Януш придвинулся ближе, безошибочно потянувшись к прикрытому плащом левому плечу. Отражение чужой боли, так явственно, так остро, он ощутил, едва приблизившись к ней. Ему не нужно было видеть рану, чтобы знать, где болит.
— Я сниму боль, — негромко объяснил он, положив ладонь ей на плечо. — Во имя Единого…
Марион хмыкнула ещё раз, с удивлением рассматривая незнакомца. Нечасто встречались среди лекарей те, кто веровал в Единого Бога. И тем более не встречались среди них те, от прикосновения горячих ладоней которых становилось так невыносимо жарко, так невероятно легко… и свободно…
Боль утихла, перестав терзать измученное тело, и Марион облегченно выдохнула, на миг прикрывая глаза. Левое плечо, то самое, на которое обрушился двуручник герцога, пострадало не только от самого удара, но и от прогнувшейся, не выдержавшей удара брони, вонзившейся в кожу. Это оказалось сущей пыткой — снимать левый наруч, наплечник, вытаскивать кусок металла из открытой раны…

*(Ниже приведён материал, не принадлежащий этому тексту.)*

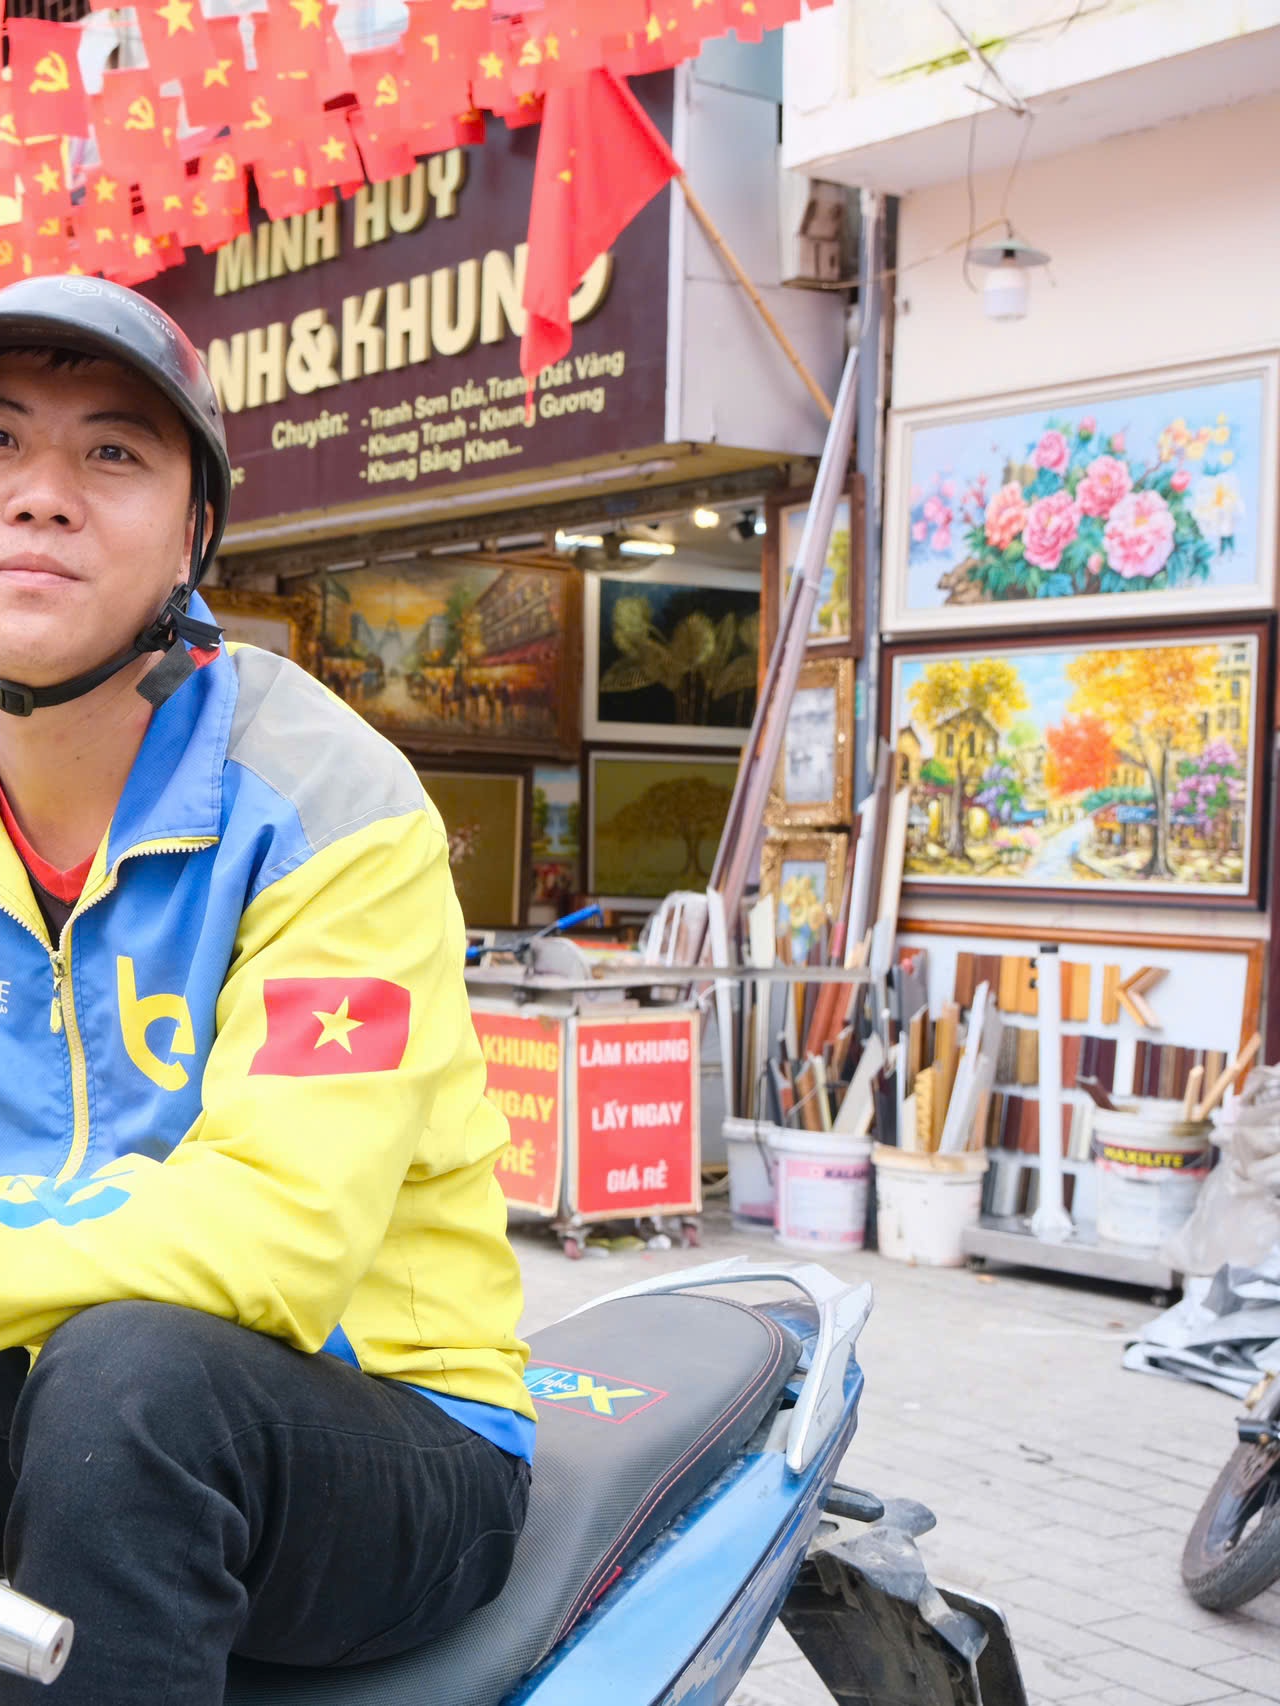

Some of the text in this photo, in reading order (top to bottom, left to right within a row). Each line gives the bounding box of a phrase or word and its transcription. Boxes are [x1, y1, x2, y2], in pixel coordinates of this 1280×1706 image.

— Теперь надо промыть рану и наложить повязку, — Януш отнял ладони от её плеча и вопросительно посмотрел на воительницу. — Мне нужно осмотреть вас.
Марион развязала тесьму плаща, позволяя тому упасть на землю.
— Глубокая… — лекарь покачал головой, поворачивая её руку так, чтобы рассмотреть рану. — Промойте плечо, миледи, я принесу травы. Они помогут снять воспаление.
Он спустился к воде, где, удовлетворенно фыркая от долгожданного водопоя, стоял его конь, снял заплечный мешок, на ходу доставая нужные травы, сполоснул в воде. Женщина забрела в воду по колено, чтобы удобнее было промыть плечо, и он не стал тратить времени попусту, принявшись собирать хворост. Вечерело очень быстро, тьма в лесу падала всегда неожиданно, а ему нужен был свет.
— Как зовут тебя, лекарь?
Она казалась сейчас уже совсем спокойной: боль оставила её, проясняя освободившийся от терзаний разум; лицо, умытое, освеженное, вопреки первому впечатлению, оказалось приятным, и приглаженные влажные волосы уже не были похожи на воронье гнездо.
— Януш, миледи.
Он достал из сумки чистые тряпицы, которые брал с собой на случай, если придется укутывать свежесобранные травы, перочинным ножом разрезал их на несколько длинных полос.
Женщина опустилась рядом с собранным хворостом, принялась разводить костер, искоса наблюдая за его приготовлениями. Некоторое время они молчали, пока пламя набирало силу, затем Януш придвинулся к костру.
— Сядьте ближе к огню, миледи, — попросил он.
Над костром вновь повисло молчание: Януш был занят наложением повязки, женщина изучала его, без всякого смущения разглядывая одухотворенное лицо, руки, работающие быстро и умело, внимательные глаза.
— Боль, — вдруг сказал лекарь, оставляя перебинтованное плечо. — У вас болит… Вы позволите?